CN113997196B - Connecting rod type fine adjustment mechanism - Google Patents

Abstract

The invention belongs to the technical field of polishing fine adjustment correction, and discloses a connecting rod type fine adjustment mechanism, which comprises: a sliding table capable of moving along the Y axis; the Y-axis driving device is used for driving the sliding table to move along a Y axis and comprises a first motor and a first connecting rod assembly which are sequentially connected from top to bottom along a Z axis, and the first motor drives the sliding table to move through the first connecting rod assembly; the sliding plate can move along the Z axis and is in sliding fit with the outer side of the sliding table; the Z-axis driving device is used for driving the sliding plate to move on the sliding table along the Z axis and comprises a second motor and a second connecting rod assembly which are sequentially connected along the Y axis, and the second motor drives the sliding plate to move through the second connecting rod assembly; in conclusion, the swing of the connecting rod assembly is utilized to drive the sliding structure connected with the connecting rod assembly to move, so that fine adjustment is realized on the corresponding Y axis and Z axis, and the device has the advantages of simple structure, reasonable assembly, low cost and high fine adjustment precision.

Description

Connecting rod type fine adjustment mechanism

Technical Field

The invention belongs to the technical field of polishing fine adjustment correction, and particularly relates to a connecting rod type fine adjustment mechanism.

Background

In the existing market, in order to improve the machining precision of a workpiece after the workpiece is machined, the surface of the workpiece is mostly required to be polished; particularly, when the polishing process is performed, corresponding polishing equipment is needed, and when the polishing equipment is used for actual polishing, a workpiece is mainly fixed on a clamp, and then polishing is completed through relative rotation between a polishing head and the workpiece. However, after the grinding equipment is used for grinding for a long time, a certain positioning deviation can be generated between the grinding head and the clamp, and if the deviation is not corrected, the grinding precision of the workpiece can be influenced.
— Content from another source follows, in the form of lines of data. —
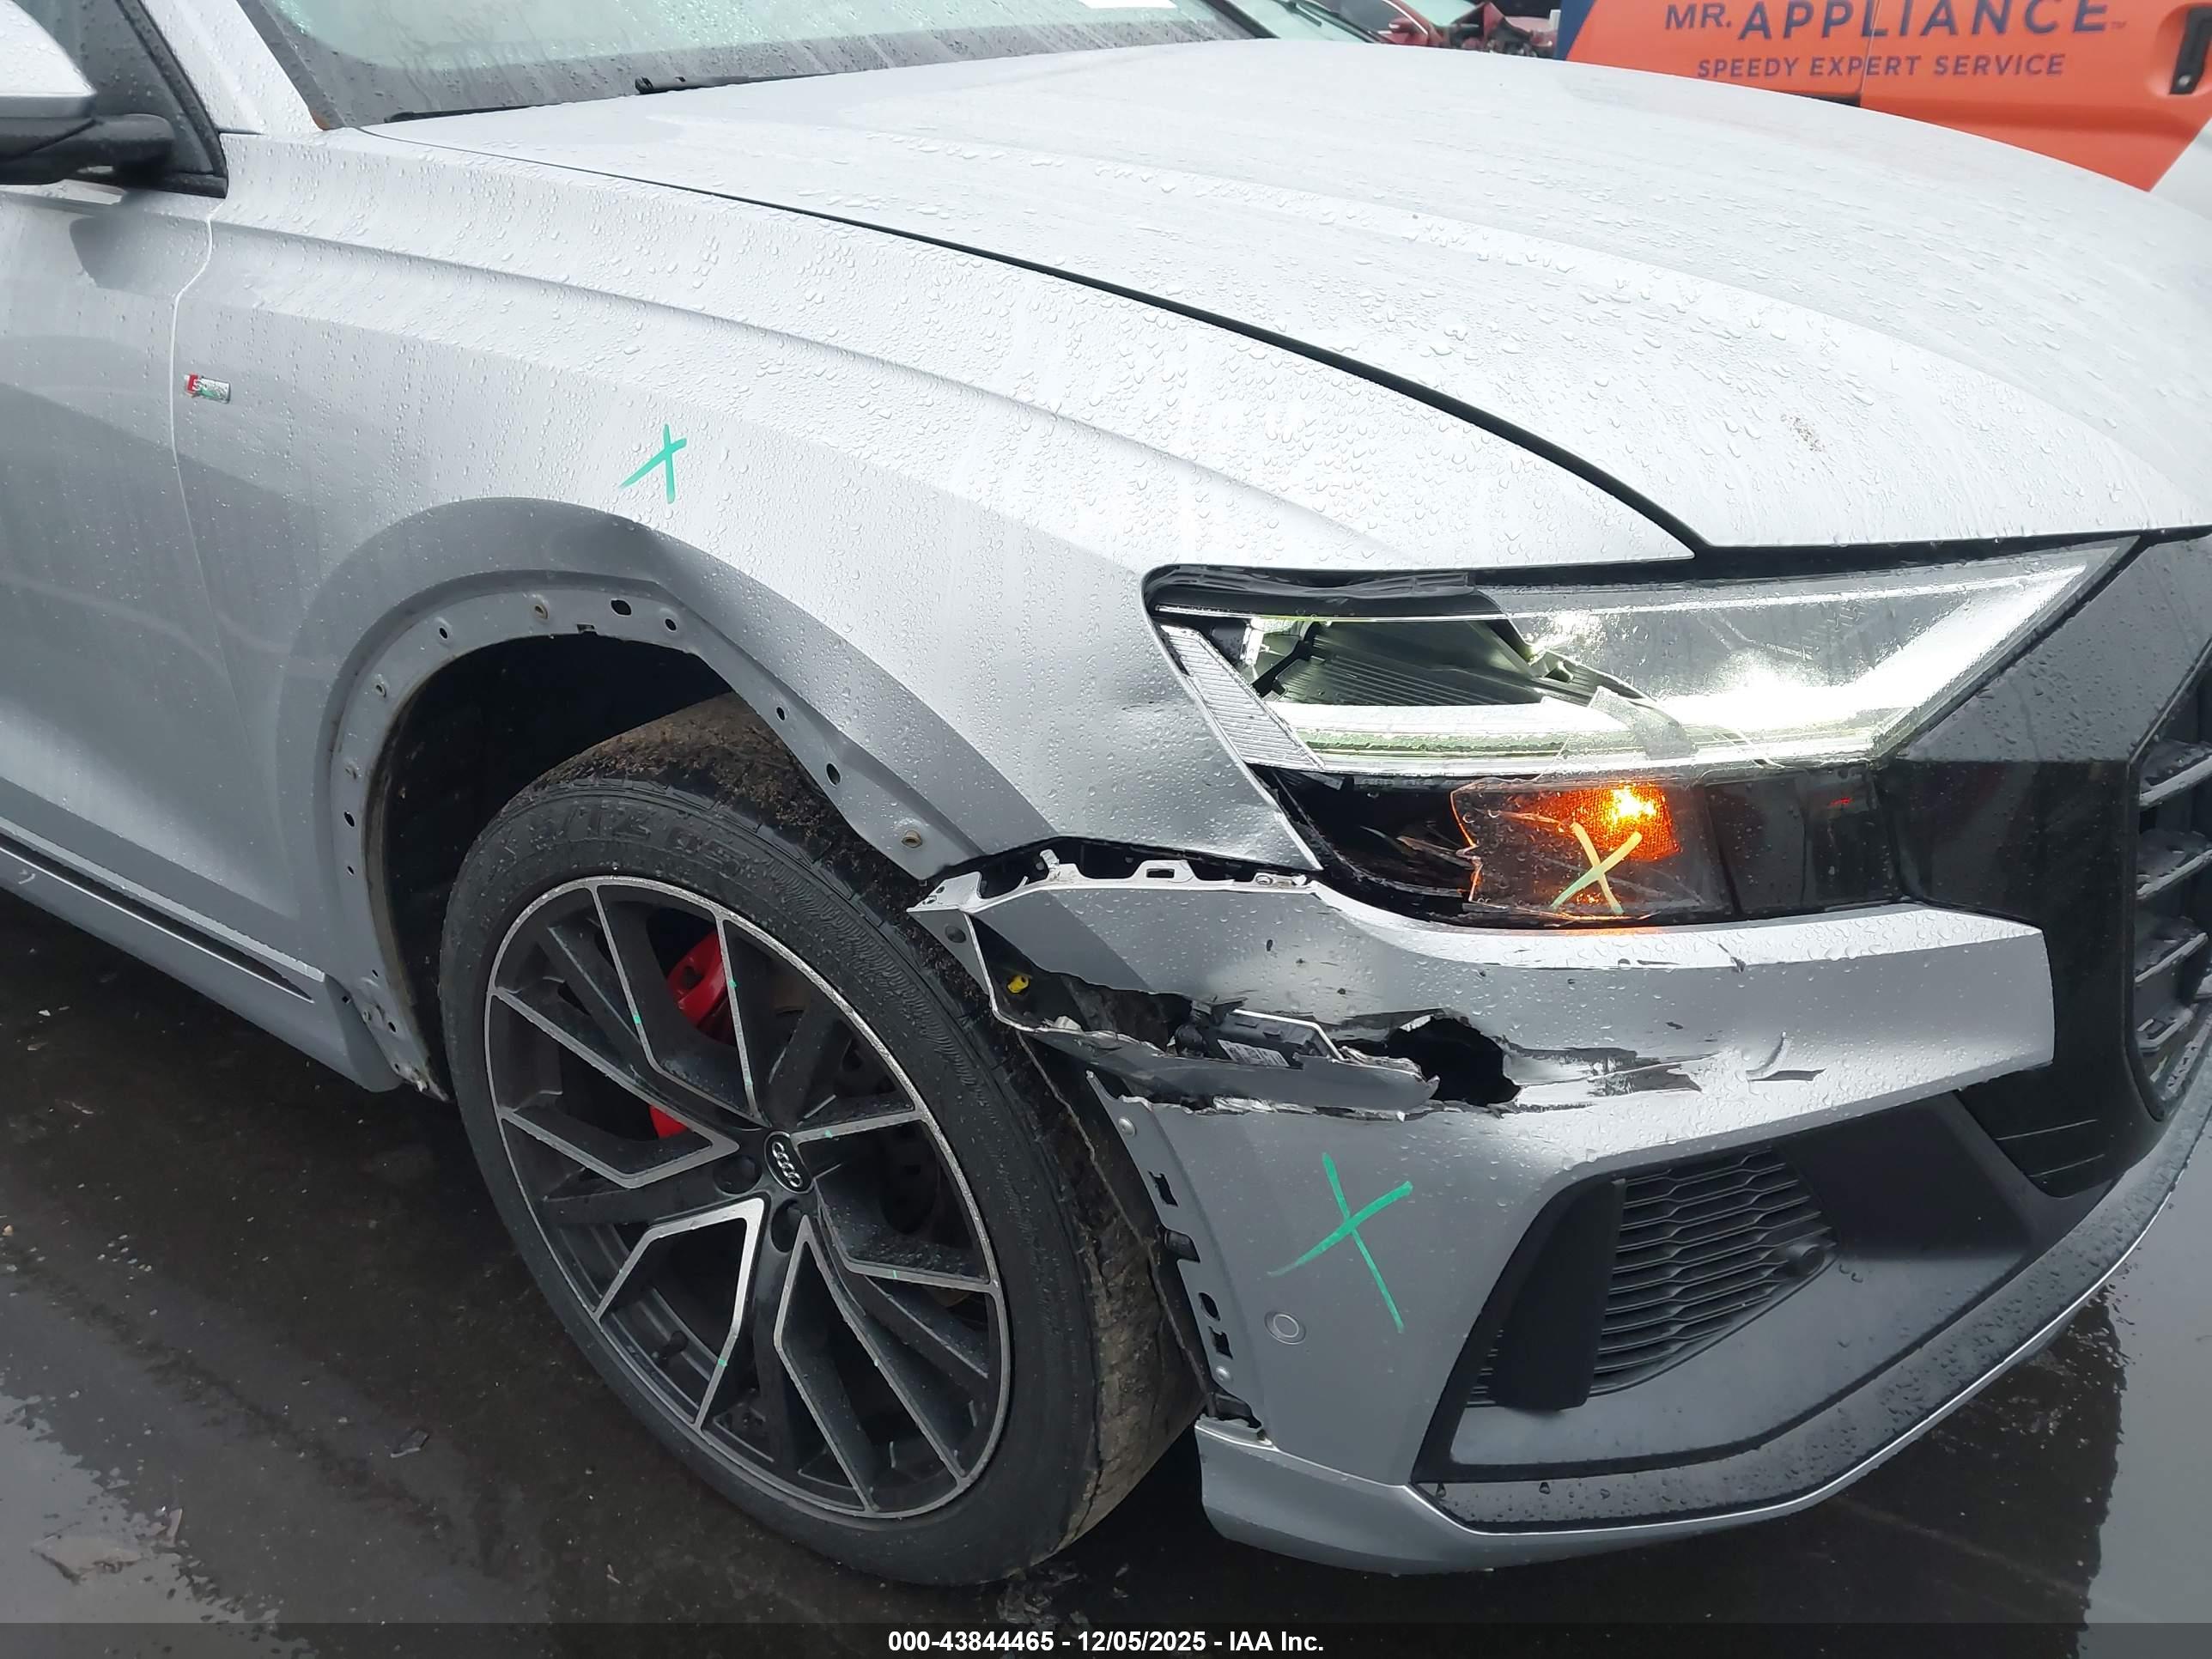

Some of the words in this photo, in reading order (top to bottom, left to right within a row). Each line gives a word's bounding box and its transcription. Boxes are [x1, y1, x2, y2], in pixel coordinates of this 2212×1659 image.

[1665, 3, 1732, 29] MR.
[1737, 0, 2108, 40] APPLIANCE
[1698, 57, 1800, 78] SPEEDY
[1809, 55, 1922, 76] EXPERT
[1933, 53, 2065, 76] SERVICE
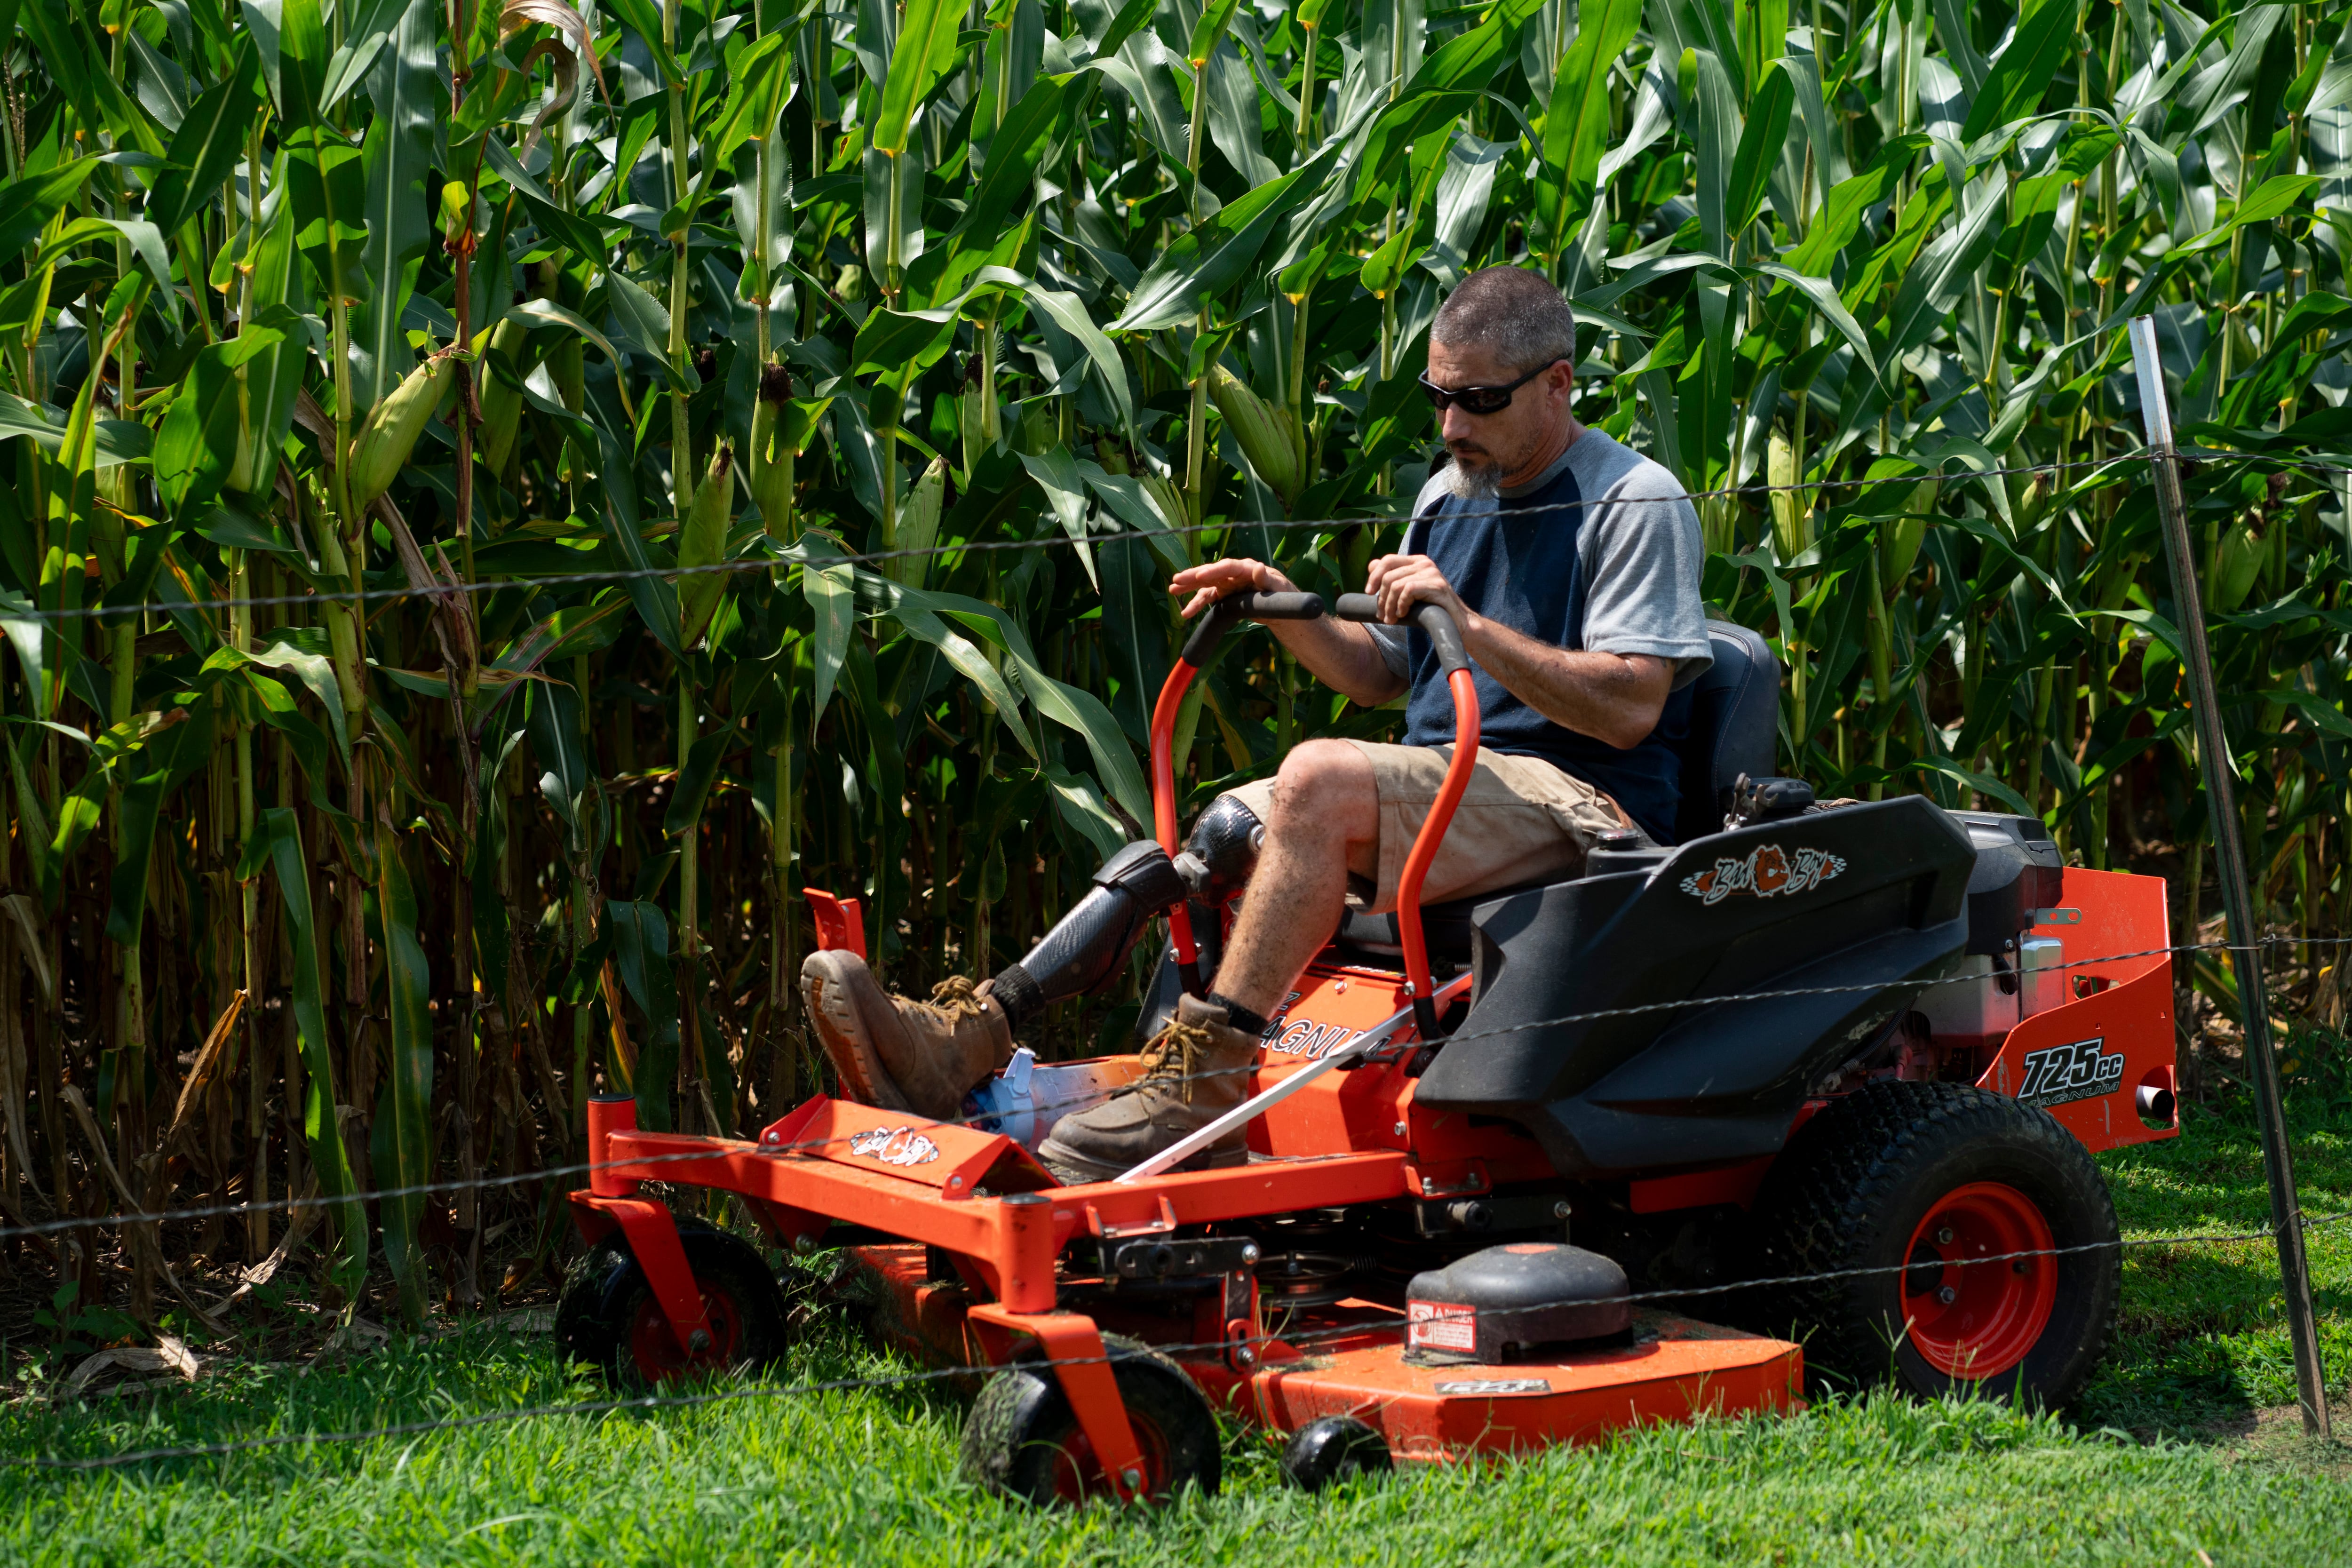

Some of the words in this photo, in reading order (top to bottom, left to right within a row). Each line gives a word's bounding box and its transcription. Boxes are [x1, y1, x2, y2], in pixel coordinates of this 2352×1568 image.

[1703, 852, 1757, 905] Bad
[1785, 847, 1828, 895] Boy
[1259, 1015, 1391, 1067] AGNU
[1444, 1308, 1473, 1324] DANGER
In the prior art, the adjustment of the deviation includes two ways, namely manual correction and automatic correction, wherein: the manual correction has the problems of troublesome operation and low correction accuracy, and the correction structure of the automatic correction is more complex, so that the cost of the whole polishing equipment is also improved.

Disclosure of Invention

In view of the above, the present invention is directed to a link type fine adjustment mechanism.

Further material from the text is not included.